Nos 53 industries locales participant à la filière du BTP, emploient environ 600 salariés directs, et réalisent un chiffre d'affaires de 200 millions d'euros sur 800 millions réalisés par la filière (2015). Elles fournissent des matériaux de construction issus de nos sols (briques, caillasses, roches, gravillons et sable), et autres matériaux (produits béton, charpente en bois, ?...). Elles travaillent les métaux (armatures et tôles, treillis soudés, constructions et menuiseries métalliques, gouttières, recyclage des métaux...). Elles sont également présentes dans les secteurs de l'assainissement, d'enrobés routiers, de peintures et vernis, de menuiseries aluminium et pvc, d'aménagement de cuisines et salles de bains, et de recyclage des palettes et déchets du bâtiment etc.

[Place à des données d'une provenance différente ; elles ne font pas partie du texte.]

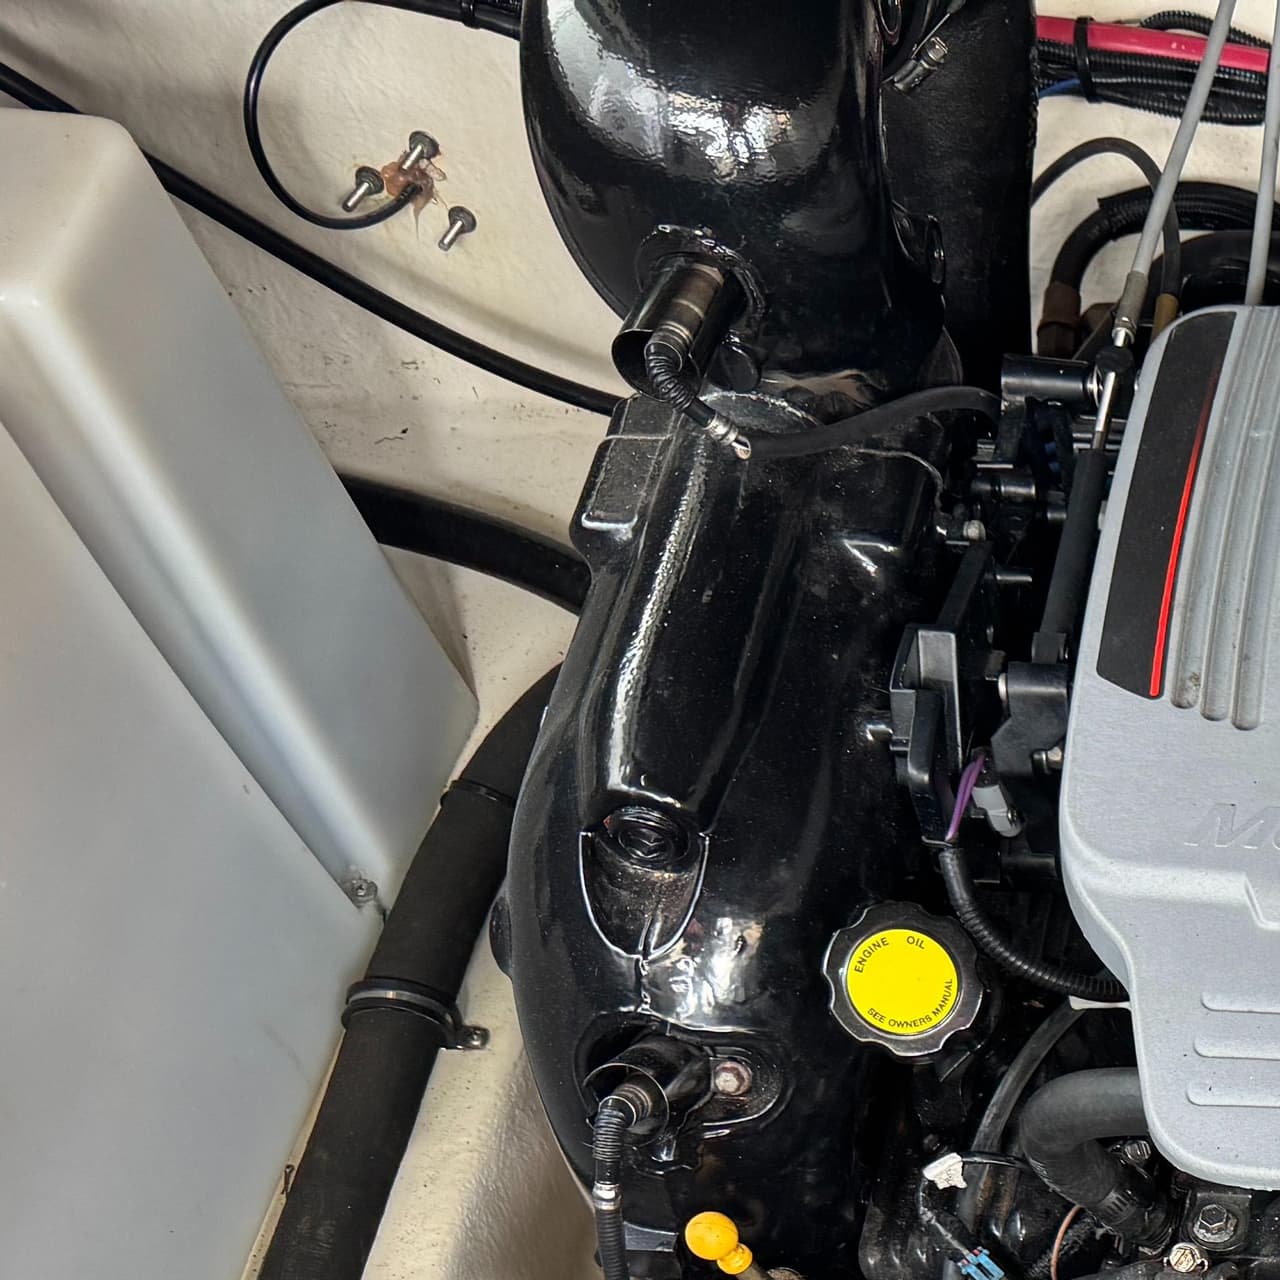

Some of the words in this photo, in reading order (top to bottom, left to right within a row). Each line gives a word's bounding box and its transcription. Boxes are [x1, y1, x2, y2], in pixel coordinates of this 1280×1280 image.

[854, 937, 889, 973] ENGINE
[906, 935, 925, 950] OIL
[867, 1007, 887, 1024] SEE
[888, 1014, 933, 1028] OWNERS
[933, 978, 953, 1018] MANUAL

Elles nous ont sollicités sur leur situation dégradée. Nous les avons interrogées et réunies. Quel que soit le secteur d'activité, entre 2008 et 2016, elles connaissent une baisse de chiffre d'affaires autour de 40% voire plus et une baisse corrélée d'effectifs dans des proportions similaires et plus importantes suivant les cas. Certaines se maintiennent autant que faire se peut en recourant au chômage partiel ou technique. Toutefois, d'autres se préparent à des plans sociaux en raison de l'absence de visibilité pour 2018- 2019.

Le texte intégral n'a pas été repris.